Aim of the exercise: Produce a word-for-word copy of the data below.

==== Data for processing

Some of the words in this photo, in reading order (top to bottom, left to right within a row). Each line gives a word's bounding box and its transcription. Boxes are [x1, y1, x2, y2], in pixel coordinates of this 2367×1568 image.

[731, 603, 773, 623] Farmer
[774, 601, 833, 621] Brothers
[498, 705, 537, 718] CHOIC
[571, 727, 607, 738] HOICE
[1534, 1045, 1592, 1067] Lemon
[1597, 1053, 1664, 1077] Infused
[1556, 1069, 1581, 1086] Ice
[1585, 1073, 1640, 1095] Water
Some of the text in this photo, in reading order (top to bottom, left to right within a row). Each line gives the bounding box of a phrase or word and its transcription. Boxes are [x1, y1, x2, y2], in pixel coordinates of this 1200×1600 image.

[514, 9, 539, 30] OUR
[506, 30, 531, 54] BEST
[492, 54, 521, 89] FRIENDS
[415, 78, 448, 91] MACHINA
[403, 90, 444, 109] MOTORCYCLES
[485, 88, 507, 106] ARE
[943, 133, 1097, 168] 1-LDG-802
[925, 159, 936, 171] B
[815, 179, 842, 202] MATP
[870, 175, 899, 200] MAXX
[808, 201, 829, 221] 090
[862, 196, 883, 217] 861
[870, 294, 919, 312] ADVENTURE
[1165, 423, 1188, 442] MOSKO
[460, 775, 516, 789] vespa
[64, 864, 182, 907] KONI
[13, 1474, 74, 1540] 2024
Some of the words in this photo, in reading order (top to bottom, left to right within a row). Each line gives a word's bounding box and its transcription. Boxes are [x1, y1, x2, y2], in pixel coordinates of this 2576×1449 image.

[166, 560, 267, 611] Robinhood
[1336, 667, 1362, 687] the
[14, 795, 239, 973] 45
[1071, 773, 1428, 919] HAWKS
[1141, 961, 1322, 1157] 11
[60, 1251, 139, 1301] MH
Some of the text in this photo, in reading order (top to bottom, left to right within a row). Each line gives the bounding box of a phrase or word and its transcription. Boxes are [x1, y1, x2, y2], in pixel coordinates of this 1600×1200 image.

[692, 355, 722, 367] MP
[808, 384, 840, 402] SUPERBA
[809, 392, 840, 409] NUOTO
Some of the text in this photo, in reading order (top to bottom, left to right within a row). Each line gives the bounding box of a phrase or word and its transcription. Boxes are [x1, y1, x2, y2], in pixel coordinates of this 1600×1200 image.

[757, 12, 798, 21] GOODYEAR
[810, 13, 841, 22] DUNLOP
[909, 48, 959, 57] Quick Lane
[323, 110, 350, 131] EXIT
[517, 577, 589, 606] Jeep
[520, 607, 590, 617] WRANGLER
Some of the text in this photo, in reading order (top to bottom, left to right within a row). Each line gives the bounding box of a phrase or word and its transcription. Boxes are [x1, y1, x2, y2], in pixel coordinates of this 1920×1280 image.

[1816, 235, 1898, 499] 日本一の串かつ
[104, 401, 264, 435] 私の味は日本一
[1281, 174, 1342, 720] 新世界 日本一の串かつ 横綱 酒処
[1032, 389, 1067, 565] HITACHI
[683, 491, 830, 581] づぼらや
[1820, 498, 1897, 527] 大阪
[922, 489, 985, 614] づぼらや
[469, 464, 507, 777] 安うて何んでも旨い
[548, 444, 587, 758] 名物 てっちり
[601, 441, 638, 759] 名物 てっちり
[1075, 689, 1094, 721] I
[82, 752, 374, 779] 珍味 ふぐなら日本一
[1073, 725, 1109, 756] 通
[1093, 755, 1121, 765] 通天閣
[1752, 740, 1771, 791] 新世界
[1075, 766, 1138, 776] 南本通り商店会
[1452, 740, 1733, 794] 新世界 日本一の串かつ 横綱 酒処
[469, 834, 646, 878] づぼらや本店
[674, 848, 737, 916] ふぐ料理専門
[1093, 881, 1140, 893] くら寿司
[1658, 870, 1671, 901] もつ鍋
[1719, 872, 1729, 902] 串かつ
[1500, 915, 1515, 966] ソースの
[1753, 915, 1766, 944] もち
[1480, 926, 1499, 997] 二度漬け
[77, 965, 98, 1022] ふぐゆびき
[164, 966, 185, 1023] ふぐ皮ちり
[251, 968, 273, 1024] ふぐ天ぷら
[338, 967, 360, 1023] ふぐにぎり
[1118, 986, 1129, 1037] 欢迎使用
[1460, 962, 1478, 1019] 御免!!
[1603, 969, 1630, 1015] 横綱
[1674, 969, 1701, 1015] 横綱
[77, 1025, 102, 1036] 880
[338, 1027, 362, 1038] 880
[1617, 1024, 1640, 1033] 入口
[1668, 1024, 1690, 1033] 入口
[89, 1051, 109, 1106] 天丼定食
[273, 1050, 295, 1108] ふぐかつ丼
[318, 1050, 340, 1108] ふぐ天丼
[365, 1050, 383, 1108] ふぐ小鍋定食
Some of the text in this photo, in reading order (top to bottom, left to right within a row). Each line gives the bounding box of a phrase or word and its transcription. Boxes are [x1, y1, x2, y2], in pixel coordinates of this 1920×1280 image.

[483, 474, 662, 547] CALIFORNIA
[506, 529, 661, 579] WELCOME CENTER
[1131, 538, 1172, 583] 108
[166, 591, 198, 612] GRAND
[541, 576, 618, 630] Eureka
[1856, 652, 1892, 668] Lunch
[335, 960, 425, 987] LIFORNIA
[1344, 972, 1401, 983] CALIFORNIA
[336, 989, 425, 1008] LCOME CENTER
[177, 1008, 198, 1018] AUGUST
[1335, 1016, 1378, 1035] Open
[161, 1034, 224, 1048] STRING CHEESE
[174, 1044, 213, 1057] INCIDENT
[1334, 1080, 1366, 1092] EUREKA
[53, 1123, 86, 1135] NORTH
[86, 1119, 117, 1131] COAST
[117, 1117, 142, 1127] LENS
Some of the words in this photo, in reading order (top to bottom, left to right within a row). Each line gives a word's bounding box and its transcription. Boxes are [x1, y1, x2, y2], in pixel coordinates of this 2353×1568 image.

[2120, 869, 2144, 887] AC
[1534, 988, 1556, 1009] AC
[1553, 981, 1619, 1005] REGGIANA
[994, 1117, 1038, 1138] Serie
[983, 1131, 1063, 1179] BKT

========

Solution:
Some of the words in this photo, in reading order (top to bottom, left to right within a row). Each line gives a word's bounding box and its transcription. Boxes are [x1, y1, x2, y2], in pixel coordinates of this 2367×1568 image.

[731, 603, 773, 623] Farmer
[774, 601, 833, 621] Brothers
[498, 705, 537, 718] CHOIC
[571, 727, 607, 738] HOICE
[1534, 1045, 1592, 1067] Lemon
[1597, 1053, 1664, 1077] Infused
[1556, 1069, 1581, 1086] Ice
[1585, 1073, 1640, 1095] Water
Some of the text in this photo, in reading order (top to bottom, left to right within a row). Each line gives the bounding box of a phrase or word and its transcription. Boxes are [x1, y1, x2, y2], in pixel coordinates of this 1200×1600 image.

[514, 9, 539, 30] OUR
[506, 30, 531, 54] BEST
[492, 54, 521, 89] FRIENDS
[415, 78, 448, 91] MACHINA
[403, 90, 444, 109] MOTORCYCLES
[485, 88, 507, 106] ARE
[943, 133, 1097, 168] 1-LDG-802
[925, 159, 936, 171] B
[815, 179, 842, 202] MATP
[870, 175, 899, 200] MAXX
[808, 201, 829, 221] 090
[862, 196, 883, 217] 861
[870, 294, 919, 312] ADVENTURE
[1165, 423, 1188, 442] MOSKO
[460, 775, 516, 789] vespa
[64, 864, 182, 907] KONI
[13, 1474, 74, 1540] 2024
Some of the words in this photo, in reading order (top to bottom, left to right within a row). Each line gives a word's bounding box and its transcription. Boxes are [x1, y1, x2, y2], in pixel coordinates of this 2576×1449 image.

[166, 560, 267, 611] Robinhood
[1336, 667, 1362, 687] the
[14, 795, 239, 973] 45
[1071, 773, 1428, 919] HAWKS
[1141, 961, 1322, 1157] 11
[60, 1251, 139, 1301] MH
Some of the text in this photo, in reading order (top to bottom, left to right within a row). Each line gives the bounding box of a phrase or word and its transcription. Boxes are [x1, y1, x2, y2], in pixel coordinates of this 1600×1200 image.

[692, 355, 722, 367] MP
[808, 384, 840, 402] SUPERBA
[809, 392, 840, 409] NUOTO
Some of the text in this photo, in reading order (top to bottom, left to right within a row). Each line gives the bounding box of a phrase or word and its transcription. Boxes are [x1, y1, x2, y2], in pixel coordinates of this 1600×1200 image.

[757, 12, 798, 21] GOODYEAR
[810, 13, 841, 22] DUNLOP
[909, 48, 959, 57] Quick Lane
[323, 110, 350, 131] EXIT
[517, 577, 589, 606] Jeep
[520, 607, 590, 617] WRANGLER
Some of the text in this photo, in reading order (top to bottom, left to right within a row). Each line gives the bounding box of a phrase or word and its transcription. Boxes are [x1, y1, x2, y2], in pixel coordinates of this 1920×1280 image.

[1816, 235, 1898, 499] 日本一の串かつ
[104, 401, 264, 435] 私の味は日本一
[1281, 174, 1342, 720] 新世界 日本一の串かつ 横綱 酒処
[1032, 389, 1067, 565] HITACHI
[683, 491, 830, 581] づぼらや
[1820, 498, 1897, 527] 大阪
[922, 489, 985, 614] づぼらや
[469, 464, 507, 777] 安うて何んでも旨い
[548, 444, 587, 758] 名物 てっちり
[601, 441, 638, 759] 名物 てっちり
[1075, 689, 1094, 721] I
[82, 752, 374, 779] 珍味 ふぐなら日本一
[1073, 725, 1109, 756] 通
[1093, 755, 1121, 765] 通天閣
[1752, 740, 1771, 791] 新世界
[1075, 766, 1138, 776] 南本通り商店会
[1452, 740, 1733, 794] 新世界 日本一の串かつ 横綱 酒処
[469, 834, 646, 878] づぼらや本店
[674, 848, 737, 916] ふぐ料理専門
[1093, 881, 1140, 893] くら寿司
[1658, 870, 1671, 901] もつ鍋
[1719, 872, 1729, 902] 串かつ
[1500, 915, 1515, 966] ソースの
[1753, 915, 1766, 944] もち
[1480, 926, 1499, 997] 二度漬け
[77, 965, 98, 1022] ふぐゆびき
[164, 966, 185, 1023] ふぐ皮ちり
[251, 968, 273, 1024] ふぐ天ぷら
[338, 967, 360, 1023] ふぐにぎり
[1118, 986, 1129, 1037] 欢迎使用
[1460, 962, 1478, 1019] 御免!!
[1603, 969, 1630, 1015] 横綱
[1674, 969, 1701, 1015] 横綱
[77, 1025, 102, 1036] 880
[338, 1027, 362, 1038] 880
[1617, 1024, 1640, 1033] 入口
[1668, 1024, 1690, 1033] 入口
[89, 1051, 109, 1106] 天丼定食
[273, 1050, 295, 1108] ふぐかつ丼
[318, 1050, 340, 1108] ふぐ天丼
[365, 1050, 383, 1108] ふぐ小鍋定食
Some of the text in this photo, in reading order (top to bottom, left to right within a row). Each line gives the bounding box of a phrase or word and its transcription. Boxes are [x1, y1, x2, y2], in pixel coordinates of this 1920×1280 image.

[483, 474, 662, 547] CALIFORNIA
[506, 529, 661, 579] WELCOME CENTER
[1131, 538, 1172, 583] 108
[166, 591, 198, 612] GRAND
[541, 576, 618, 630] Eureka
[1856, 652, 1892, 668] Lunch
[335, 960, 425, 987] LIFORNIA
[1344, 972, 1401, 983] CALIFORNIA
[336, 989, 425, 1008] LCOME CENTER
[177, 1008, 198, 1018] AUGUST
[1335, 1016, 1378, 1035] Open
[161, 1034, 224, 1048] STRING CHEESE
[174, 1044, 213, 1057] INCIDENT
[1334, 1080, 1366, 1092] EUREKA
[53, 1123, 86, 1135] NORTH
[86, 1119, 117, 1131] COAST
[117, 1117, 142, 1127] LENS
Some of the words in this photo, in reading order (top to bottom, left to right within a row). Each line gives a word's bounding box and its transcription. Boxes are [x1, y1, x2, y2], in pixel coordinates of this 2353×1568 image.

[2120, 869, 2144, 887] AC
[1534, 988, 1556, 1009] AC
[1553, 981, 1619, 1005] REGGIANA
[994, 1117, 1038, 1138] Serie
[983, 1131, 1063, 1179] BKT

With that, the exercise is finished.